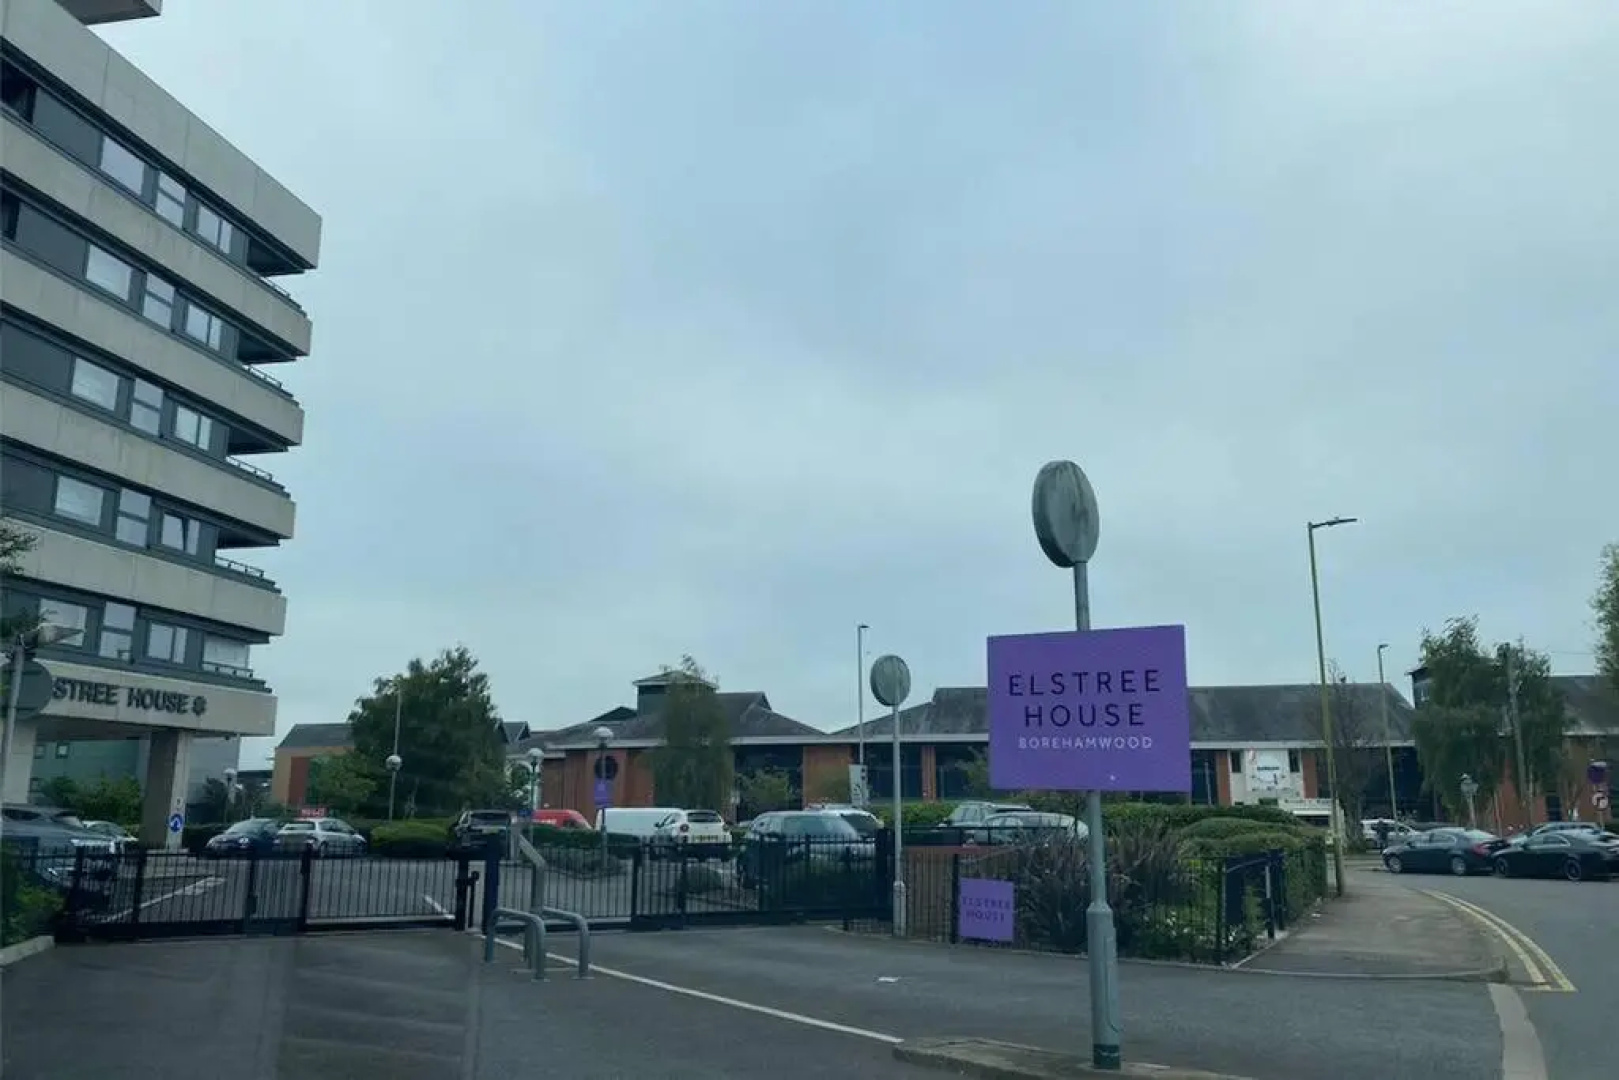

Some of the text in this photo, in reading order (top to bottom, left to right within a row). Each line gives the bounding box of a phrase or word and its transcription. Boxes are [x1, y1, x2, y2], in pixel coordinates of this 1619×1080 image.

[52, 677, 188, 714] STREE HOUSE
[1008, 669, 1161, 697] ELSTREE
[1024, 703, 1144, 728] HOUSE
[1018, 736, 1153, 749] BOREHAMWOOD
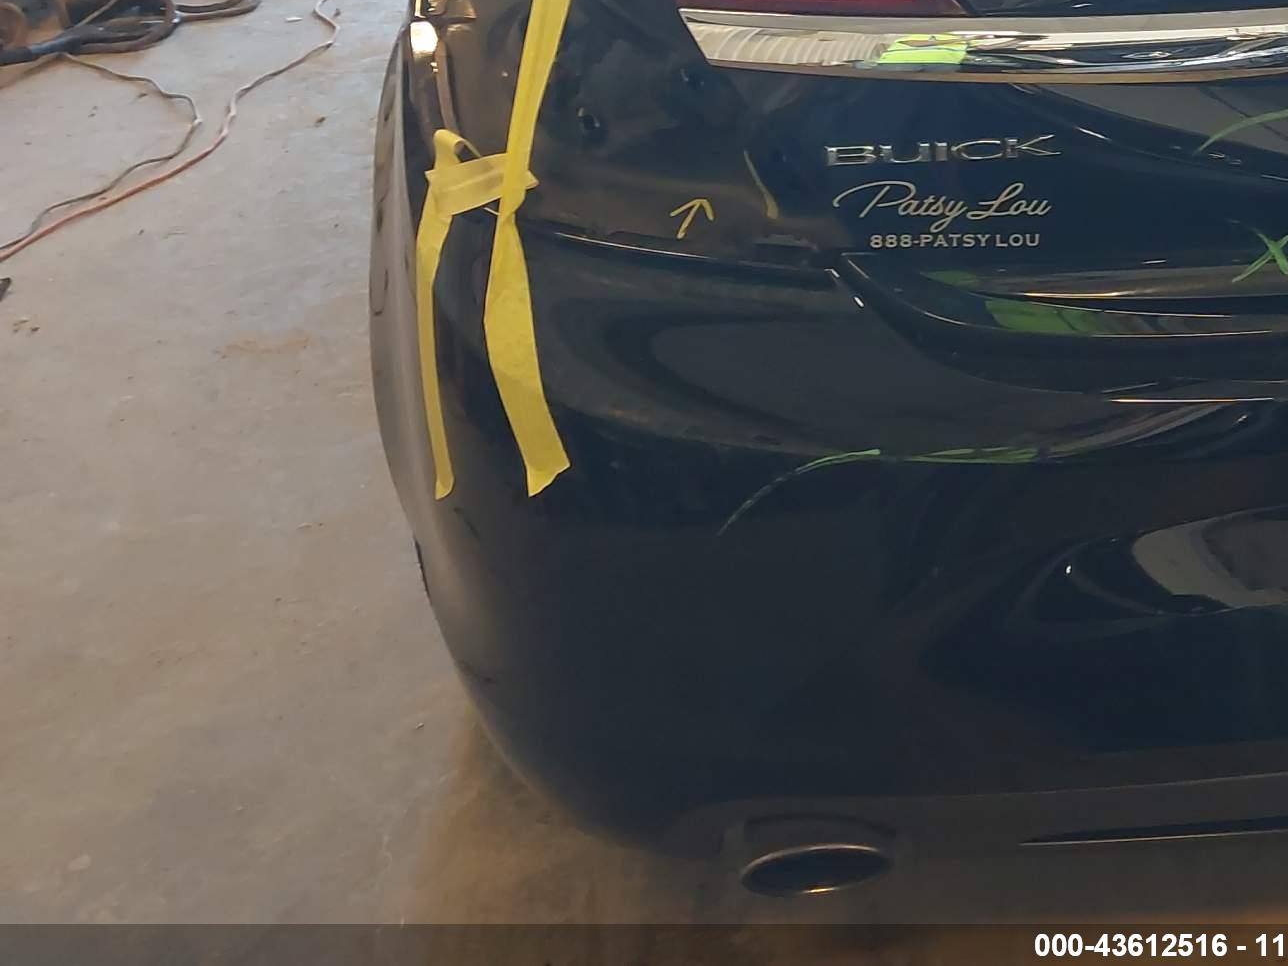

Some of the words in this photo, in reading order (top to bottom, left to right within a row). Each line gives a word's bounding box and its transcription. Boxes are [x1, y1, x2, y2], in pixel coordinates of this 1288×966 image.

[825, 134, 1061, 165] BUICK
[833, 180, 966, 233] Patsy
[966, 182, 1051, 220] Lou
[870, 234, 990, 248] 888-PATSY
[995, 233, 1040, 247] LOU
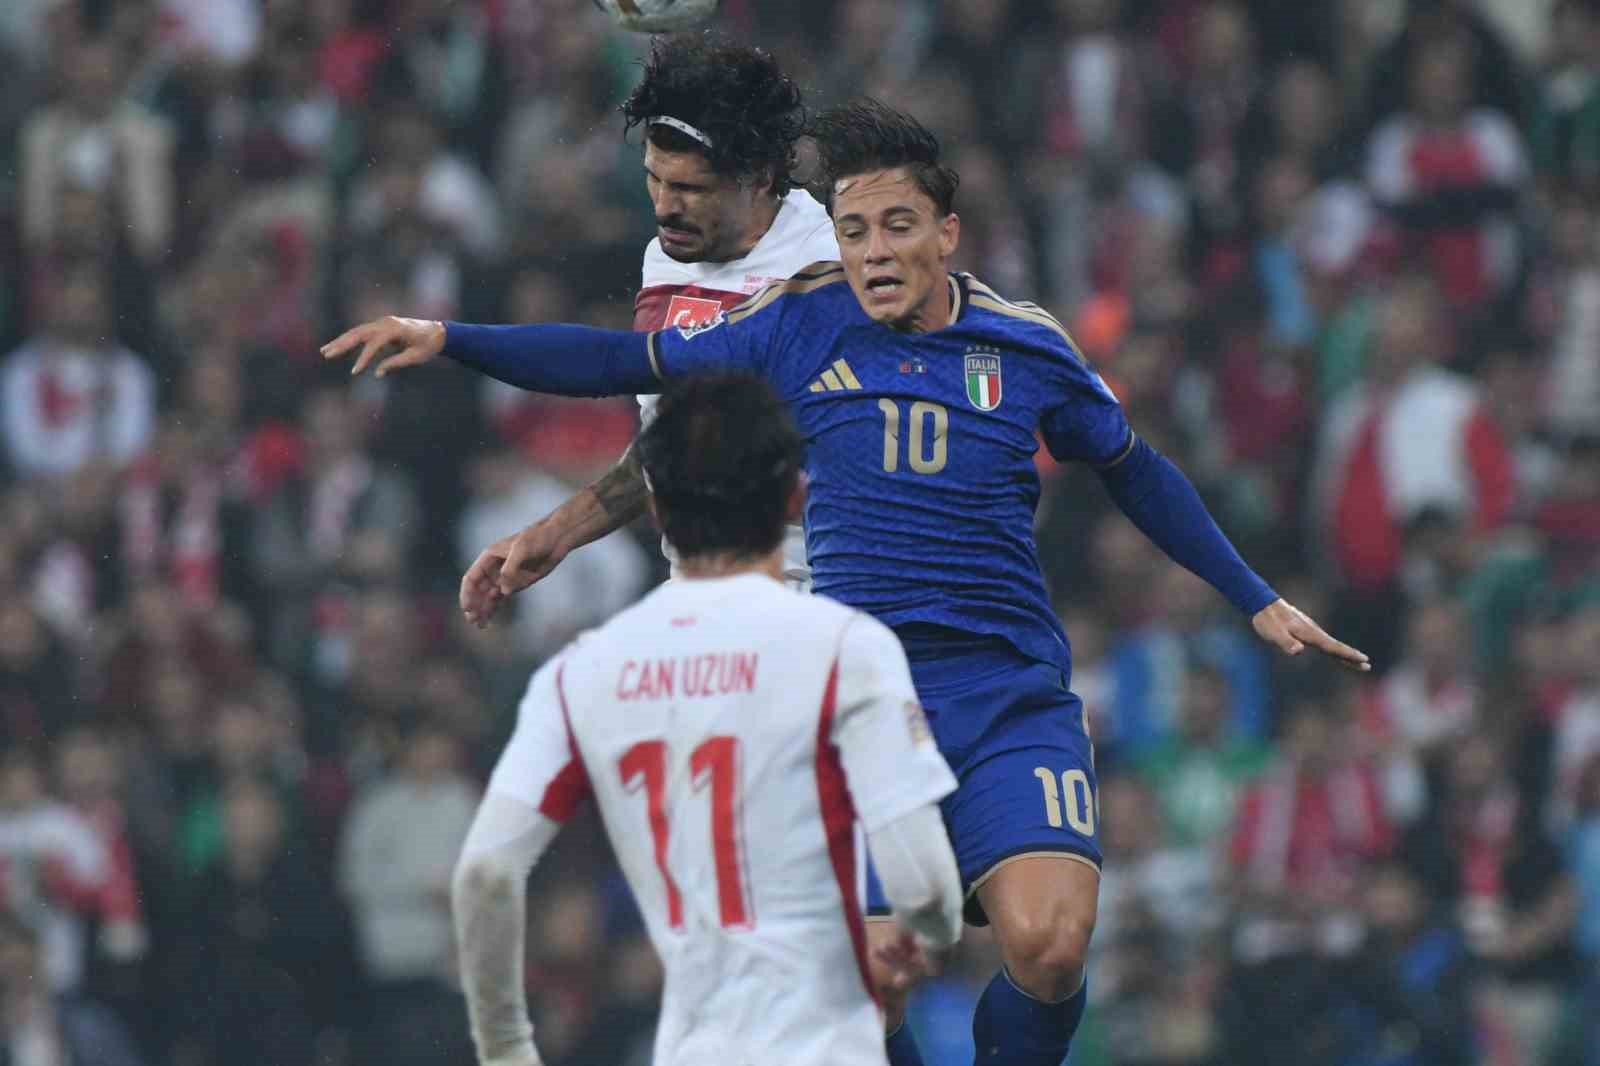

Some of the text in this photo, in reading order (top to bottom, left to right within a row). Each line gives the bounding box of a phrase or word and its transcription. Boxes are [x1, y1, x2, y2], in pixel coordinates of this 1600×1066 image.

[967, 358, 998, 369] ITALIA
[878, 398, 948, 474] 10
[616, 650, 758, 701] CAN UZUN
[617, 735, 754, 930] 11
[1034, 767, 1094, 837] 10

*DESCRIPTION OF THE TASK:* Copy out the material above in full and exactly; its pictures are not to appear.

*OUTPUT:*
Some of the text in this photo, in reading order (top to bottom, left to right within a row). Each line gives the bounding box of a phrase or word and its transcription. Boxes are [x1, y1, x2, y2], in pixel coordinates of this 1619×1080 image.

[52, 677, 188, 714] STREE HOUSE
[1008, 669, 1161, 697] ELSTREE
[1024, 703, 1144, 728] HOUSE
[1018, 736, 1153, 749] BOREHAMWOOD

Some of the words in this photo, in reading order (top to bottom, left to right within a row). Each line gives a word's bounding box and its transcription. Boxes are [x1, y1, x2, y2], in pixel coordinates of this 1288×966 image.

[825, 134, 1061, 165] BUICK
[833, 180, 966, 233] Patsy
[966, 182, 1051, 220] Lou
[870, 234, 990, 248] 888-PATSY
[995, 233, 1040, 247] LOU

Some of the text in this photo, in reading order (top to bottom, left to right within a row). Each line gives the bounding box of a phrase or word and its transcription. Boxes are [x1, y1, x2, y2], in pixel coordinates of this 1600×1066 image.

[967, 358, 998, 369] ITALIA
[878, 398, 948, 474] 10
[616, 650, 758, 701] CAN UZUN
[617, 735, 754, 930] 11
[1034, 767, 1094, 837] 10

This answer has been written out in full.